* [DIRECTIONS FOR THIS TASK]:
Leaving out the pictures, restate each record below word for word.

----

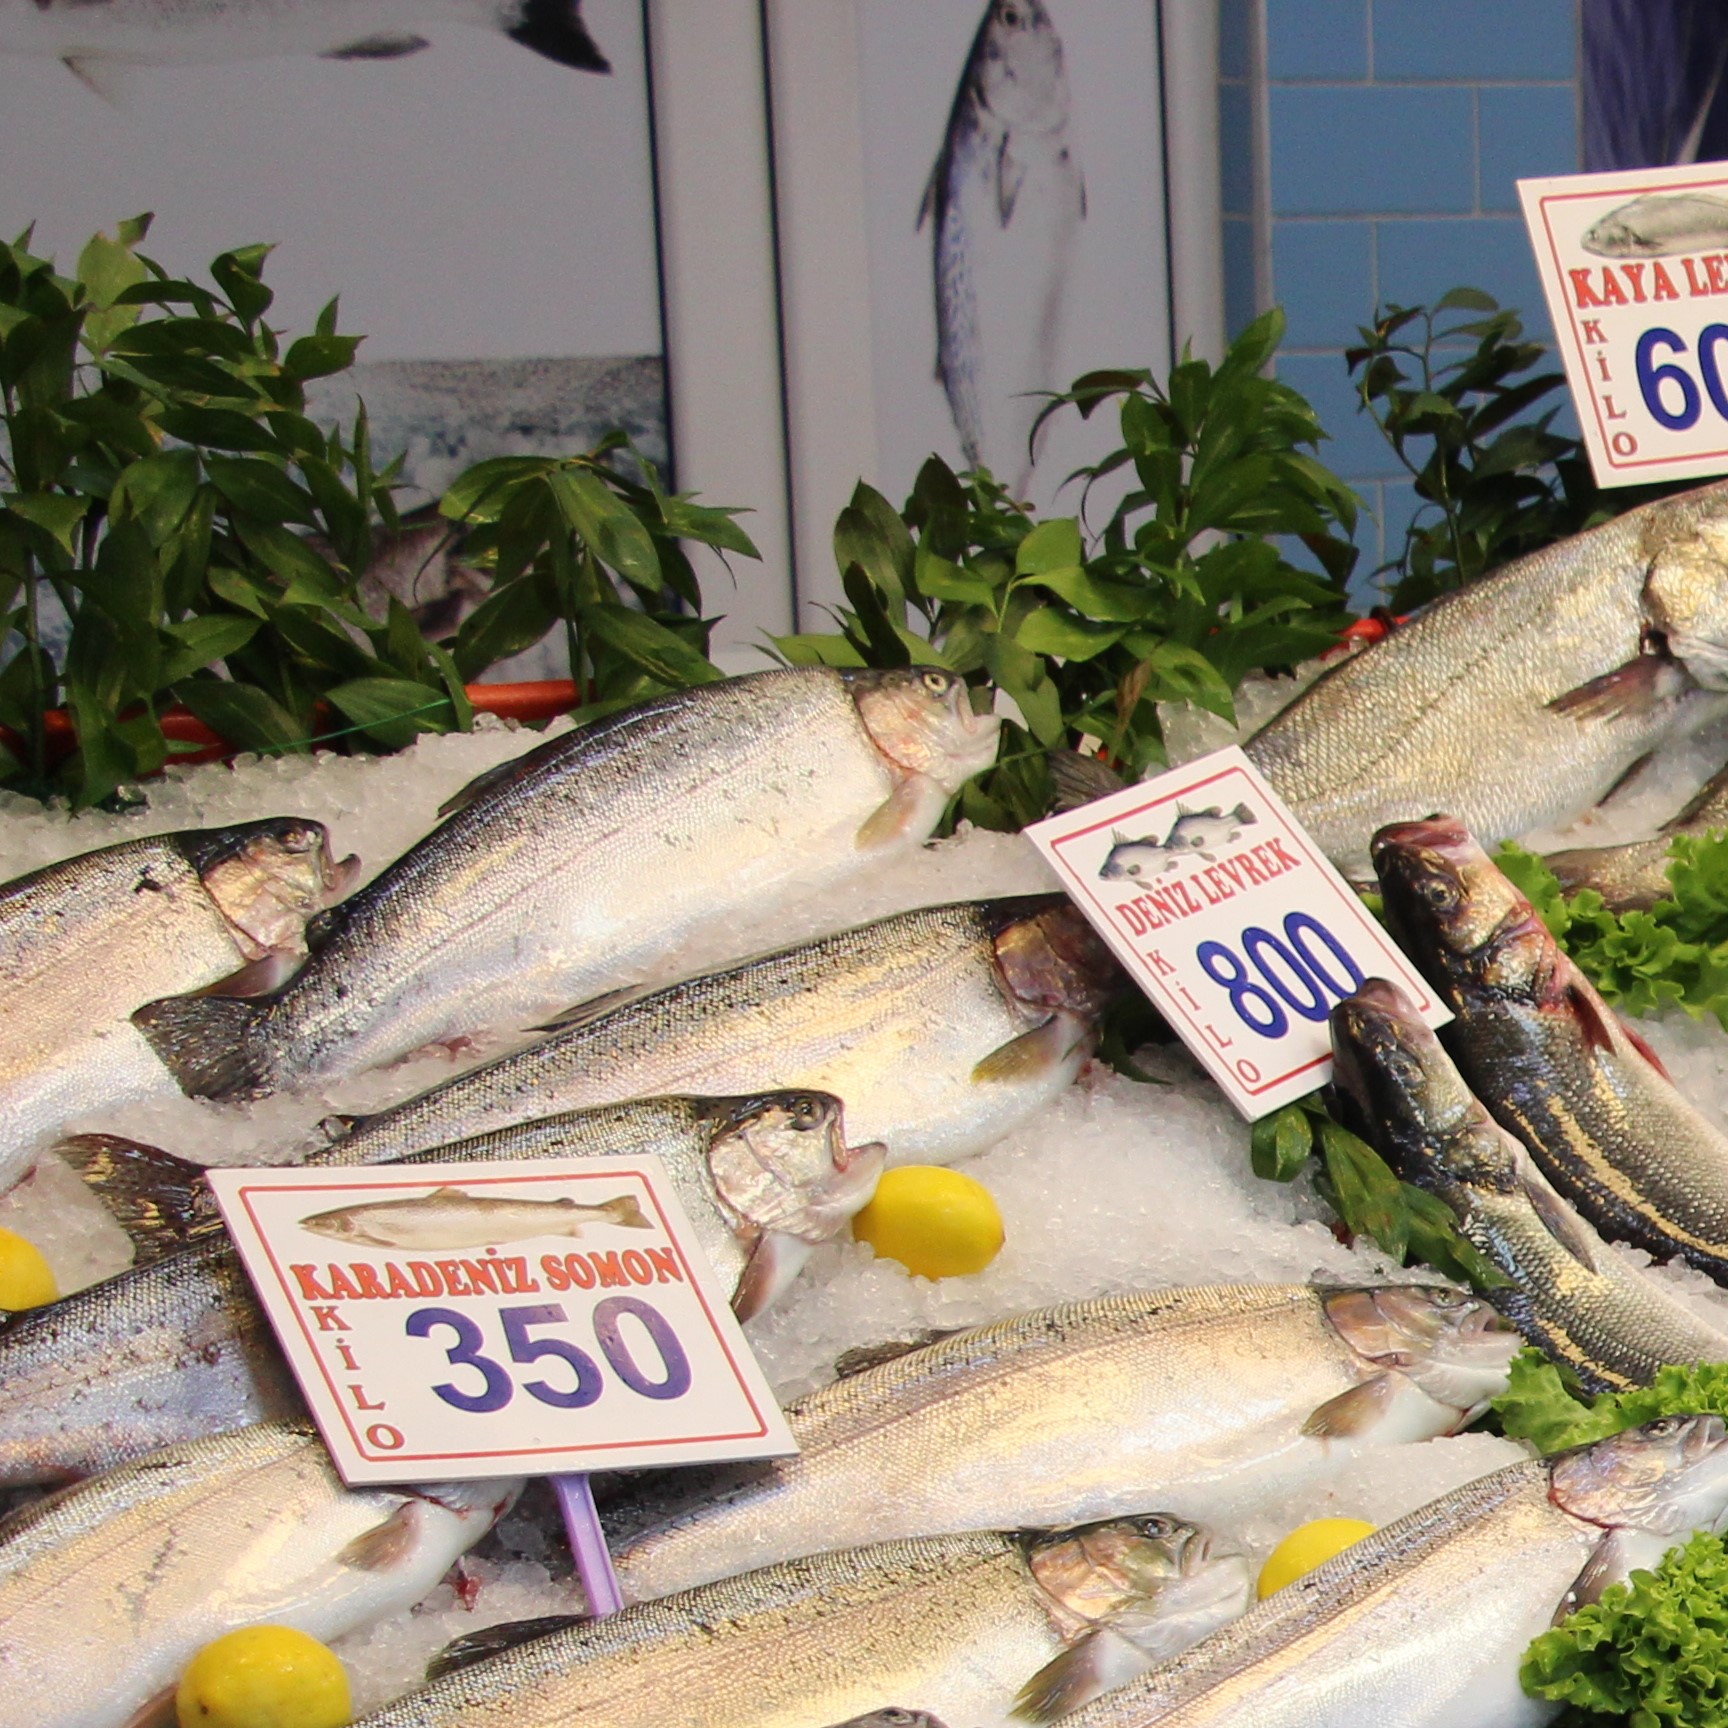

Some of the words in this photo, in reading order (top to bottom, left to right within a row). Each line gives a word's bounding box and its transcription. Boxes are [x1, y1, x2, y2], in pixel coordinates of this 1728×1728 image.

[1568, 261, 1680, 309] KAYA
[1581, 318, 1638, 456] KİLO
[1115, 877, 1199, 937] DENİZ
[1195, 838, 1301, 904] LEVREK
[1146, 949, 1261, 1084] KİLO
[1196, 911, 1366, 1039] 800
[290, 1248, 538, 1301] KARADENİZ
[546, 1246, 684, 1293] SOMON
[315, 1306, 405, 1450] KİLO
[405, 1296, 693, 1414] 350
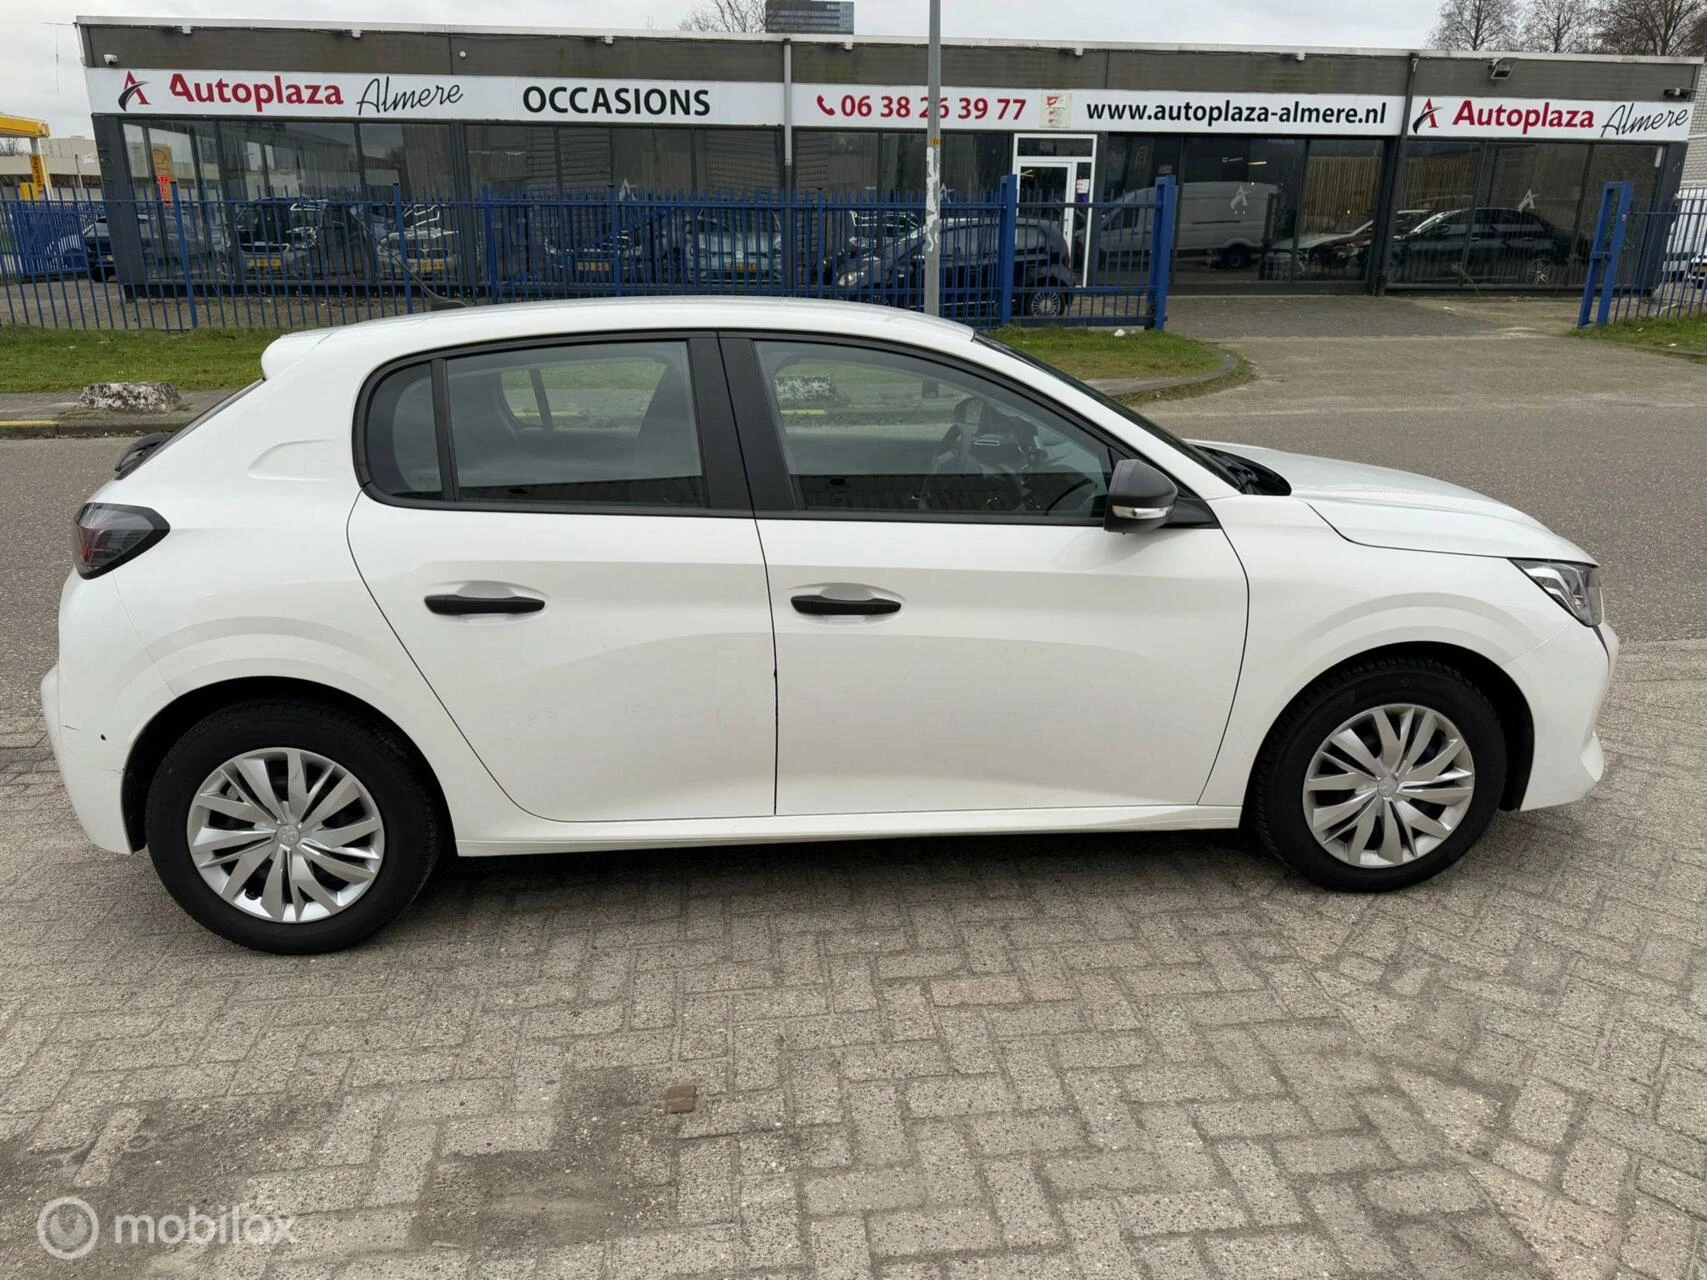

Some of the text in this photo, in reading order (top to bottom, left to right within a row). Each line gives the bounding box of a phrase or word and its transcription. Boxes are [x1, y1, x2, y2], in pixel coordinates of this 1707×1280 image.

----

* [FINAL ANSWER]:
Some of the words in this photo, in reading order (top to bottom, left to right within a row). Each line gives a word's bounding box and its transcription. Boxes are [x1, y1, x2, y2], in pixel coordinates of this 1728×1728 image.

[1568, 261, 1680, 309] KAYA
[1581, 318, 1638, 456] KİLO
[1115, 877, 1199, 937] DENİZ
[1195, 838, 1301, 904] LEVREK
[1146, 949, 1261, 1084] KİLO
[1196, 911, 1366, 1039] 800
[290, 1248, 538, 1301] KARADENİZ
[546, 1246, 684, 1293] SOMON
[315, 1306, 405, 1450] KİLO
[405, 1296, 693, 1414] 350

Some of the text in this photo, in reading order (top to bottom, left to right within a row). Each line gives the bounding box of a phrase or word and its transcription. Boxes are [x1, y1, x2, y2], in pixel coordinates of this 1707×1280 image.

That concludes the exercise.